> _Data shown_
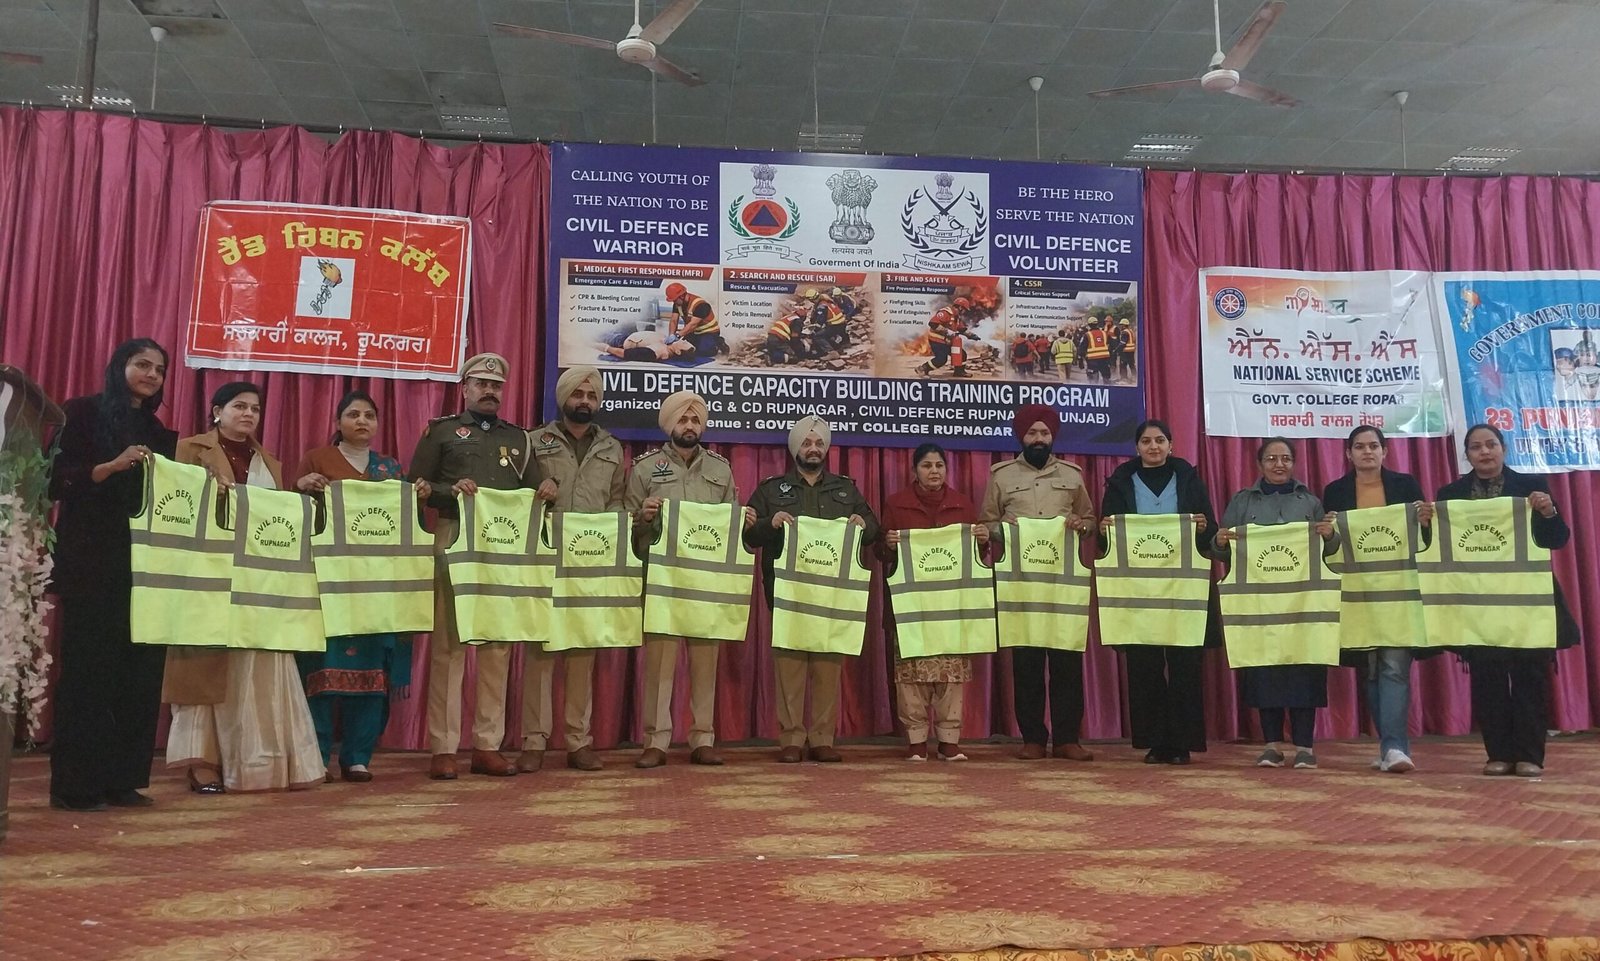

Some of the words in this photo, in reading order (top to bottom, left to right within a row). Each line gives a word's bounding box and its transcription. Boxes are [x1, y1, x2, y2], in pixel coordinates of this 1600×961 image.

[571, 169, 634, 184] CALLING
[638, 172, 687, 186] YOUTH
[692, 174, 710, 186] OF
[573, 194, 602, 206] THE
[607, 196, 662, 209] NATION
[667, 198, 687, 210] TO
[690, 200, 708, 210] BE
[1018, 186, 1036, 198] BE
[1040, 188, 1070, 200] THE
[1074, 190, 1114, 202] HERO
[996, 208, 1041, 221] SERVE
[1044, 210, 1074, 222] THE
[1078, 212, 1135, 226] NATION
[566, 217, 614, 232] CIVIL
[620, 219, 708, 236] DEFENCE
[593, 238, 684, 256] WARRIOR
[994, 234, 1040, 249] CIVIL
[1046, 236, 1132, 254] DEFENCE
[281, 221, 366, 250] ਰਿਬਨ
[380, 236, 450, 288] ਕਲੱਬ
[809, 258, 860, 268] Goverment
[863, 259, 875, 268] Of
[876, 260, 900, 269] India
[584, 266, 616, 274] MEDICAL
[618, 266, 638, 274] FIRST
[640, 268, 681, 276] RESPONDER
[682, 268, 704, 278] (MFR)
[917, 259, 951, 269] NISHKAAM
[952, 260, 972, 269] SEWA
[1008, 255, 1119, 274] VOLUNTEER
[574, 278, 606, 286] Emergency
[730, 270, 738, 278] 2.
[740, 272, 768, 280] SEARCH
[770, 272, 786, 280] AND
[788, 274, 814, 282] RESCUE
[816, 274, 836, 283] (SAR)
[886, 274, 893, 282] 3.
[924, 276, 950, 284] SAFETY
[1024, 280, 1043, 288] CSSR
[758, 284, 788, 292] Evacuation
[596, 294, 620, 302] Bleeding
[577, 316, 600, 324] Casualty
[223, 320, 288, 343] ਸਰਕਾਰੀ
[294, 328, 348, 350] ਕਾਲਜ,
[1468, 304, 1574, 362] GOVERNMENT
[1233, 364, 1301, 381] NATIONAL
[1305, 366, 1362, 384] SERVICE
[1366, 365, 1420, 383] SCHEME
[602, 371, 638, 392] IVIL
[644, 373, 734, 396] DEFENCE
[740, 376, 830, 399] CAPACITY
[836, 380, 924, 402] BUILDING
[928, 382, 1014, 404] TRAINING
[1020, 385, 1110, 408] PROGRAM
[1252, 394, 1292, 405] GOVT.
[1296, 394, 1358, 405] COLLEGE
[1363, 394, 1405, 405] ROPAR
[600, 398, 661, 412] rganized
[727, 401, 737, 412] &
[742, 402, 762, 413] CD
[766, 402, 847, 416] RUPNAGAR
[859, 405, 894, 418] CIVIL
[898, 406, 964, 420] DEFENCE
[968, 409, 1016, 420] RUPNA
[1060, 412, 1110, 426] UNJAB)
[1270, 412, 1314, 427] ਸਰਕਾਰੀ
[1320, 414, 1354, 427] ਕਾਲਜ
[1485, 408, 1514, 430] 23
[706, 420, 742, 428] enue
[755, 420, 858, 432] GOVEENT
[862, 422, 930, 434] COLLEGE
[934, 424, 1012, 436] RUPNAGAR
[154, 492, 174, 516] CIVIL
[175, 489, 195, 520] DEFENCE
[162, 514, 190, 525] RUPNAGAR
[351, 512, 366, 532] CIVIL
[368, 507, 396, 532] DEFENCE
[482, 520, 492, 538] CIVIL
[494, 516, 520, 540] DEFENCE
[254, 520, 270, 540] CIVIL
[272, 516, 296, 543] DEFENCE
[683, 527, 696, 544] CIVIL
[698, 524, 722, 548] DEFENCE
[1356, 530, 1370, 550] CIVIL
[1370, 526, 1402, 546] DEFENCE
[1458, 528, 1474, 548] CIVIL
[1474, 524, 1508, 546] DEFENCE
[260, 539, 290, 548] RUPNAGAR
[486, 536, 514, 544] RUPNAGAR
[568, 533, 582, 552] CIVIL
[584, 530, 610, 550] DEFENCE
[688, 543, 716, 552] RUPNAGAR
[1132, 538, 1146, 555] CIVIL
[1146, 534, 1174, 554] DEFENCE
[800, 542, 814, 559] CIVIL
[815, 540, 838, 562] DEFENCE
[918, 551, 930, 568] CIVIL
[931, 548, 958, 566] DEFENCE
[1022, 543, 1036, 560] CIVIL
[1036, 540, 1060, 561] DEFENCE
[1256, 550, 1270, 568] CIVIL
[1270, 544, 1300, 568] DEFENCE
[804, 558, 832, 566] RUPNAGAR
[1028, 558, 1055, 566] RUPNAGAR

> _Exercise goal_
Every record should come back exactly as it is, though none of the pictures should.

> _Task answer_
Some of the words in this photo, in reading order (top to bottom, left to right within a row). Each line gives a word's bounding box and its transcription. Boxes are [x1, y1, x2, y2], in pixel coordinates of this 1600×961 image.

[571, 169, 634, 184] CALLING
[638, 172, 687, 186] YOUTH
[692, 174, 710, 186] OF
[573, 194, 602, 206] THE
[607, 196, 662, 209] NATION
[667, 198, 687, 210] TO
[690, 200, 708, 210] BE
[1018, 186, 1036, 198] BE
[1040, 188, 1070, 200] THE
[1074, 190, 1114, 202] HERO
[996, 208, 1041, 221] SERVE
[1044, 210, 1074, 222] THE
[1078, 212, 1135, 226] NATION
[566, 217, 614, 232] CIVIL
[620, 219, 708, 236] DEFENCE
[593, 238, 684, 256] WARRIOR
[994, 234, 1040, 249] CIVIL
[1046, 236, 1132, 254] DEFENCE
[281, 221, 366, 250] ਰਿਬਨ
[380, 236, 450, 288] ਕਲੱਬ
[809, 258, 860, 268] Goverment
[863, 259, 875, 268] Of
[876, 260, 900, 269] India
[584, 266, 616, 274] MEDICAL
[618, 266, 638, 274] FIRST
[640, 268, 681, 276] RESPONDER
[682, 268, 704, 278] (MFR)
[917, 259, 951, 269] NISHKAAM
[952, 260, 972, 269] SEWA
[1008, 255, 1119, 274] VOLUNTEER
[574, 278, 606, 286] Emergency
[730, 270, 738, 278] 2.
[740, 272, 768, 280] SEARCH
[770, 272, 786, 280] AND
[788, 274, 814, 282] RESCUE
[816, 274, 836, 283] (SAR)
[886, 274, 893, 282] 3.
[924, 276, 950, 284] SAFETY
[1024, 280, 1043, 288] CSSR
[758, 284, 788, 292] Evacuation
[596, 294, 620, 302] Bleeding
[577, 316, 600, 324] Casualty
[223, 320, 288, 343] ਸਰਕਾਰੀ
[294, 328, 348, 350] ਕਾਲਜ,
[1468, 304, 1574, 362] GOVERNMENT
[1233, 364, 1301, 381] NATIONAL
[1305, 366, 1362, 384] SERVICE
[1366, 365, 1420, 383] SCHEME
[602, 371, 638, 392] IVIL
[644, 373, 734, 396] DEFENCE
[740, 376, 830, 399] CAPACITY
[836, 380, 924, 402] BUILDING
[928, 382, 1014, 404] TRAINING
[1020, 385, 1110, 408] PROGRAM
[1252, 394, 1292, 405] GOVT.
[1296, 394, 1358, 405] COLLEGE
[1363, 394, 1405, 405] ROPAR
[600, 398, 661, 412] rganized
[727, 401, 737, 412] &
[742, 402, 762, 413] CD
[766, 402, 847, 416] RUPNAGAR
[859, 405, 894, 418] CIVIL
[898, 406, 964, 420] DEFENCE
[968, 409, 1016, 420] RUPNA
[1060, 412, 1110, 426] UNJAB)
[1270, 412, 1314, 427] ਸਰਕਾਰੀ
[1320, 414, 1354, 427] ਕਾਲਜ
[1485, 408, 1514, 430] 23
[706, 420, 742, 428] enue
[755, 420, 858, 432] GOVEENT
[862, 422, 930, 434] COLLEGE
[934, 424, 1012, 436] RUPNAGAR
[154, 492, 174, 516] CIVIL
[175, 489, 195, 520] DEFENCE
[162, 514, 190, 525] RUPNAGAR
[351, 512, 366, 532] CIVIL
[368, 507, 396, 532] DEFENCE
[482, 520, 492, 538] CIVIL
[494, 516, 520, 540] DEFENCE
[254, 520, 270, 540] CIVIL
[272, 516, 296, 543] DEFENCE
[683, 527, 696, 544] CIVIL
[698, 524, 722, 548] DEFENCE
[1356, 530, 1370, 550] CIVIL
[1370, 526, 1402, 546] DEFENCE
[1458, 528, 1474, 548] CIVIL
[1474, 524, 1508, 546] DEFENCE
[260, 539, 290, 548] RUPNAGAR
[486, 536, 514, 544] RUPNAGAR
[568, 533, 582, 552] CIVIL
[584, 530, 610, 550] DEFENCE
[688, 543, 716, 552] RUPNAGAR
[1132, 538, 1146, 555] CIVIL
[1146, 534, 1174, 554] DEFENCE
[800, 542, 814, 559] CIVIL
[815, 540, 838, 562] DEFENCE
[918, 551, 930, 568] CIVIL
[931, 548, 958, 566] DEFENCE
[1022, 543, 1036, 560] CIVIL
[1036, 540, 1060, 561] DEFENCE
[1256, 550, 1270, 568] CIVIL
[1270, 544, 1300, 568] DEFENCE
[804, 558, 832, 566] RUPNAGAR
[1028, 558, 1055, 566] RUPNAGAR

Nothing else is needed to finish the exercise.